REQUIRED WORK ▸
Return the records exactly as they appear below, omitting the pictures.

====

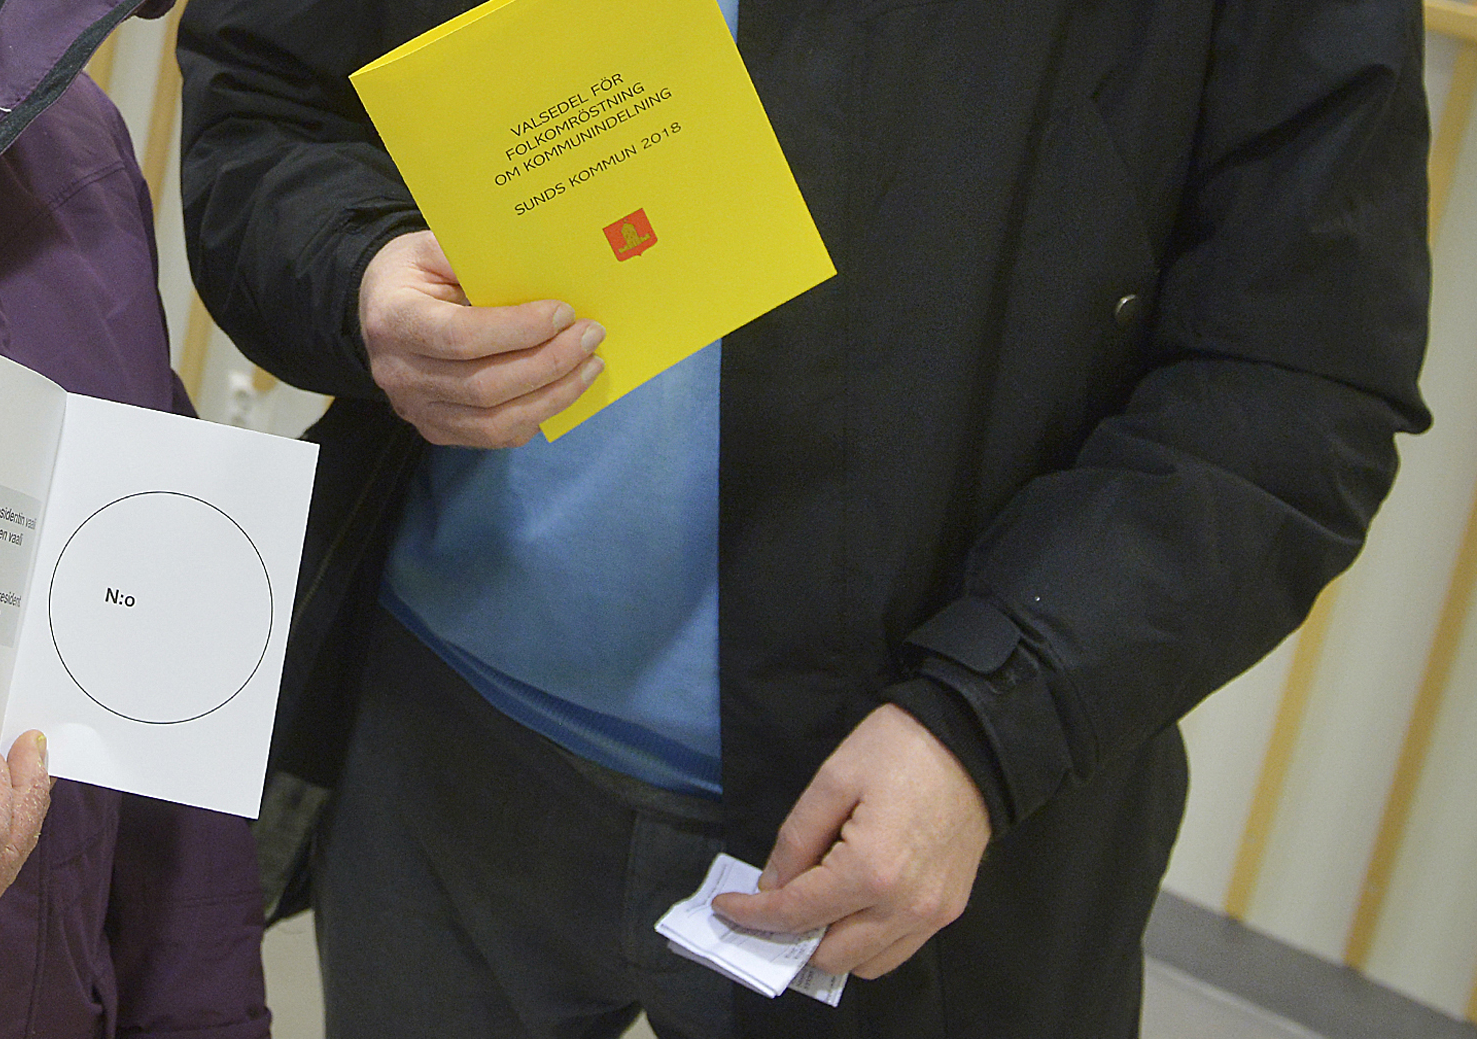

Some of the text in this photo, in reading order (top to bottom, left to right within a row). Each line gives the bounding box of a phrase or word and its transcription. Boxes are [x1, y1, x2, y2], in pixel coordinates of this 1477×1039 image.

[494, 87, 672, 186] OM KOMMUNINDELNING
[505, 81, 645, 161] FOLKOMRÖSTNING
[510, 72, 624, 137] VALSEDEL FÖR
[514, 121, 682, 216] SUNDS KOMMUN 2018
[8, 531, 23, 546] vaali
[105, 587, 136, 607] N:o
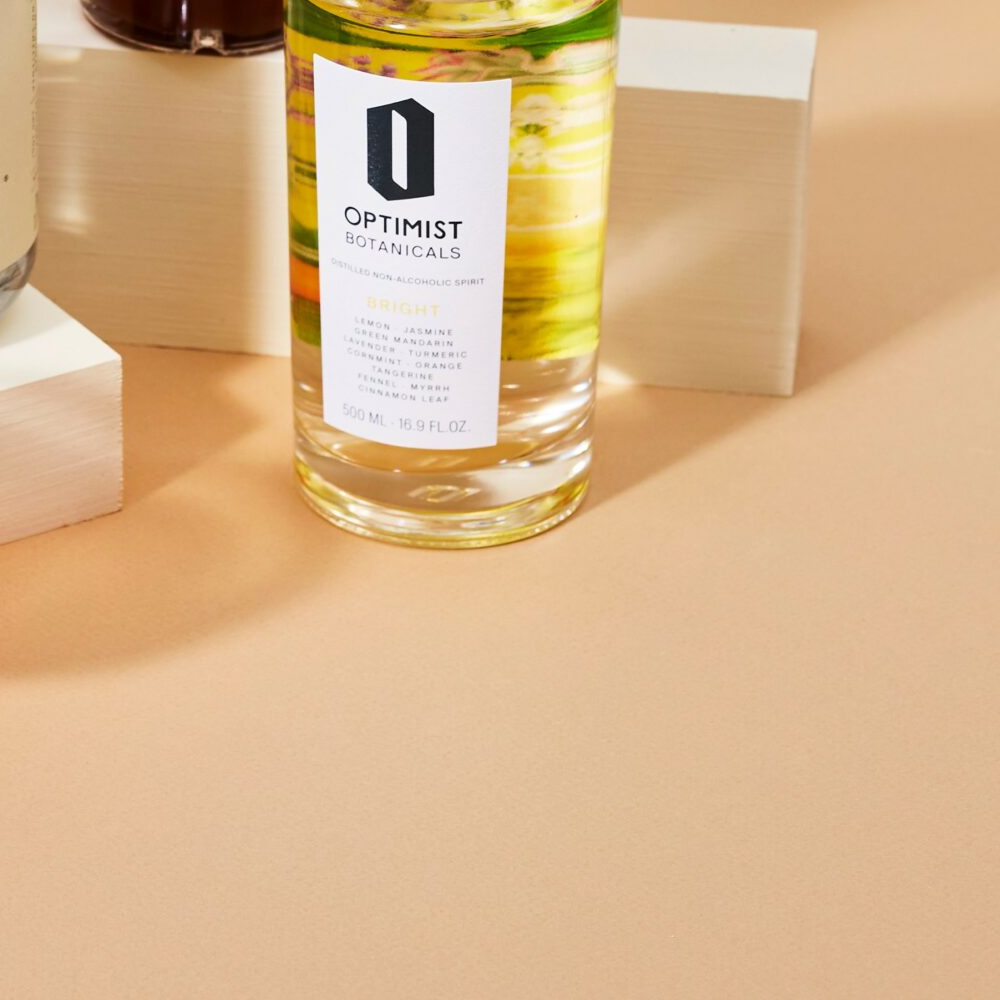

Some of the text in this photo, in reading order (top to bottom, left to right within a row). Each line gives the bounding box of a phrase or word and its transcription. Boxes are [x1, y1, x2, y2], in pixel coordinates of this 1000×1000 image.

====

SOLUTION ▸
Some of the text in this photo, in reading order (top to bottom, left to right within a row). Each line gives the bounding box of a phrase or word and its transcription. Boxes are [x1, y1, x2, y2], in pixel coordinates of this 1477×1039 image.

[494, 87, 672, 186] OM KOMMUNINDELNING
[505, 81, 645, 161] FOLKOMRÖSTNING
[510, 72, 624, 137] VALSEDEL FÖR
[514, 121, 682, 216] SUNDS KOMMUN 2018
[8, 531, 23, 546] vaali
[105, 587, 136, 607] N:o

Some of the text in this photo, in reading order (top to bottom, left to right within a row). Each line gives the bounding box of a phrase or word and its transcription. Boxes are [x1, y1, x2, y2], in pixel coordinates of this 1000×1000 image.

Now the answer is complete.